A little black thing among the snow,

Crying “weep! weep!” in notes of woe!

“Where are thy father and Mother? Say?”

They are both gone up the church to pray.

A couple things to notice is that this poem has lots of punctuation- Blake makes the reader stop between each word weep- after mother and father, after woe. But the blame is clear- the responsibility for the despearation of this child falls at the foot of the church. Now, remember, Blake’s family were dissenters. They read the Bible for themselves- they knew the truth of Scripture as it was written in the Holy Bible- and it is from this place that we see Blake’s rage. How could the organization responsible for implementing Jesus’s words, “Let the little children come to me” or his actions- the only miracle repeated in the New Testament is Jesus multiplying bread- how can this organization use their authority in this way. Let’s read the rest of this poem. This poem is frank. It’s pessimistic.

Because I was happy upon the heath,

And smil’d among the winter’s snow,

They clothed me in the clothes of death,

And taught me to sing the notes of woe.

“And because I am happy and dance and sing.,

They think they have done me no injury,

And are gone to praise God and his Priest and King,

Who make up a heaven of our misery.”

One of the things to notice is that he uses the pronoun “they”- which isn’t clear. Who clothed him in clothes of death- his parents? What are clothes of death- well, it seems to me it’s the soot covered clothes that have made him black- the ones that will kill him. But they is in the plural- and I think the blame is to be spread around. His parents are resp9onsible to keep him clothed and safe. The church is responsible to keep him clothed and safe. But he also throws the word King- and I would suggest, that is deliberate as well. The State is equally liable- all and deliberately ignoring what is in their best interest to ignore- that the child labor propping up their way of life is immoral, unchristian dare I say- demonic.

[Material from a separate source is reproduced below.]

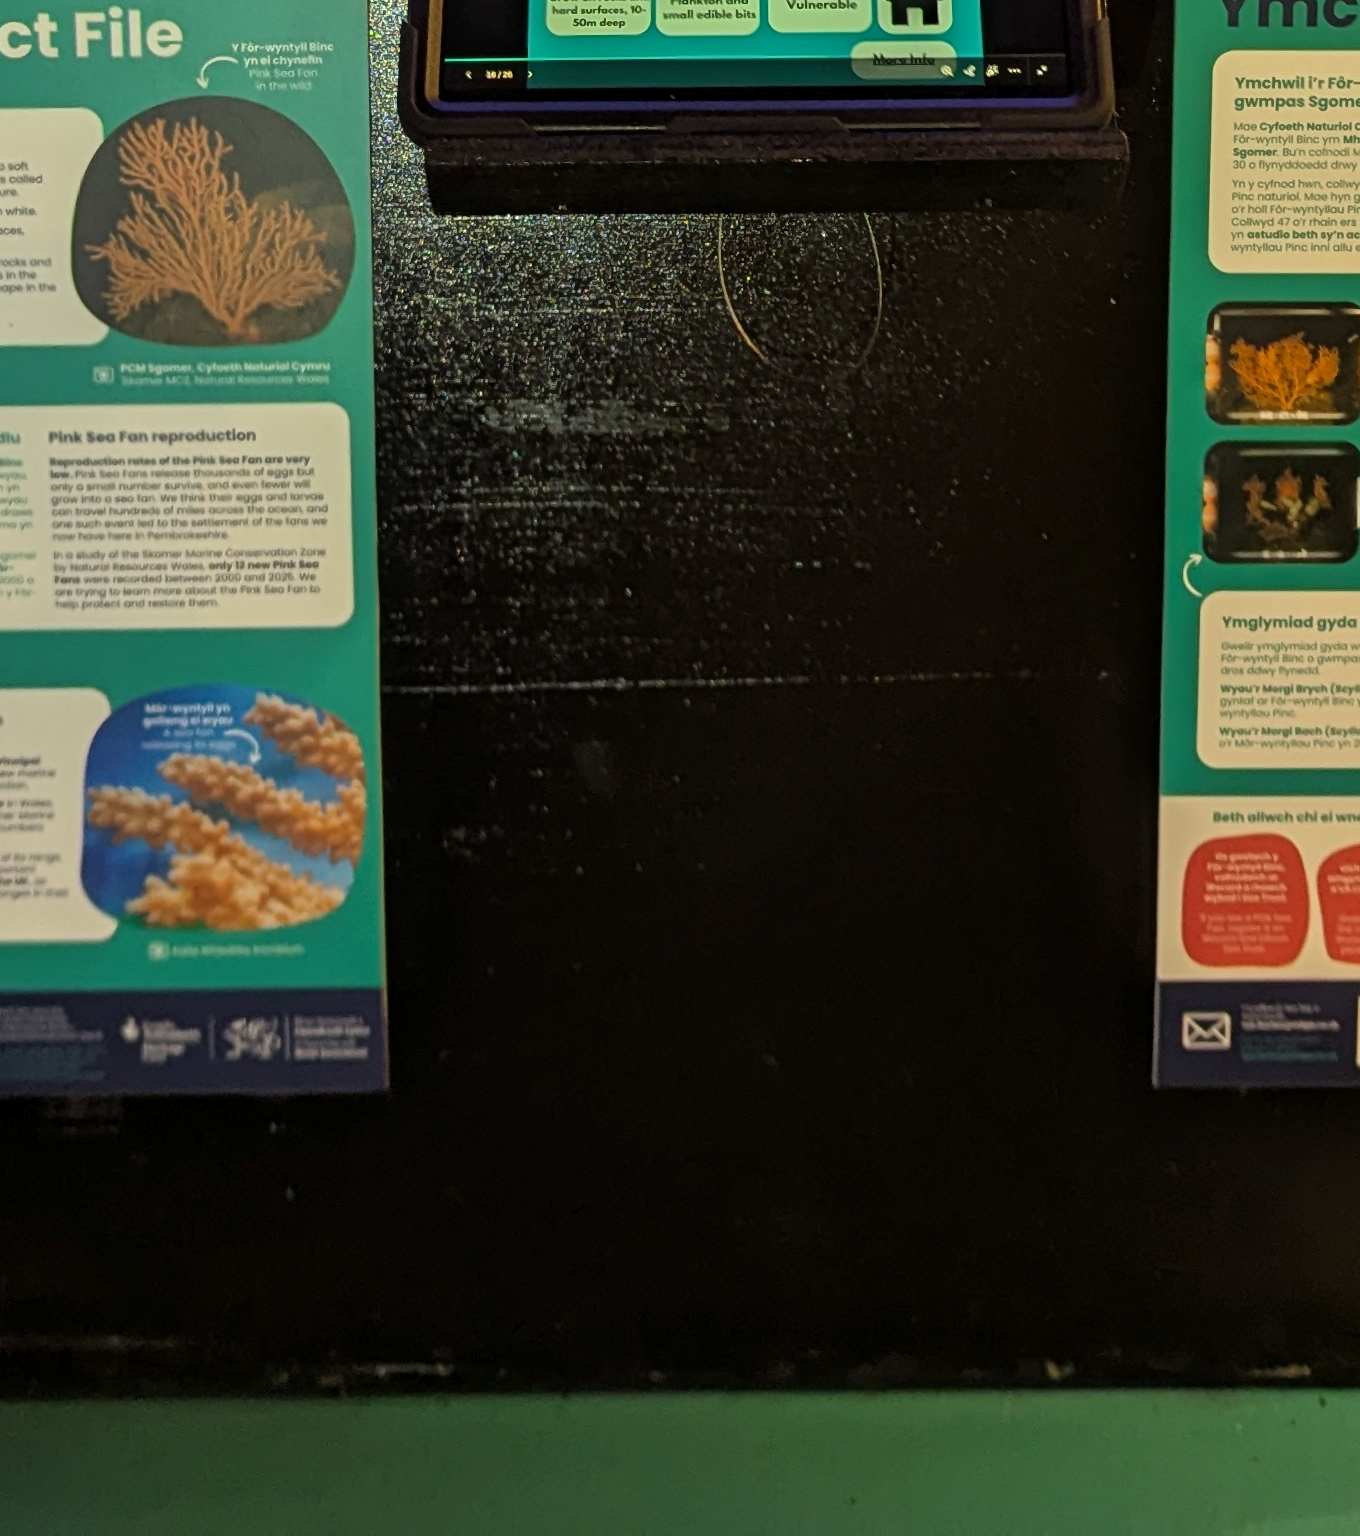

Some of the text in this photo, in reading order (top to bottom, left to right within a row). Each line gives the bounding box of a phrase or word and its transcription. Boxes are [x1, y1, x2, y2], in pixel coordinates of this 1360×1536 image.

And it implies in this last stanza, that they are quite happy to delude themselves. They think of themselves as good people because they go to church and practice all these good things while ignoring the responsibilities given to them.

Which takes us to this last line which is actually a paradox- a paradox is something that doesn’t seem like it would make sense- but look how interesting of a turn of phrase- make up a heaven of our misery- they make their lives better- they make their lives a heaven on the backs of the chimney sweepers- and the sweeper in this poem knows it.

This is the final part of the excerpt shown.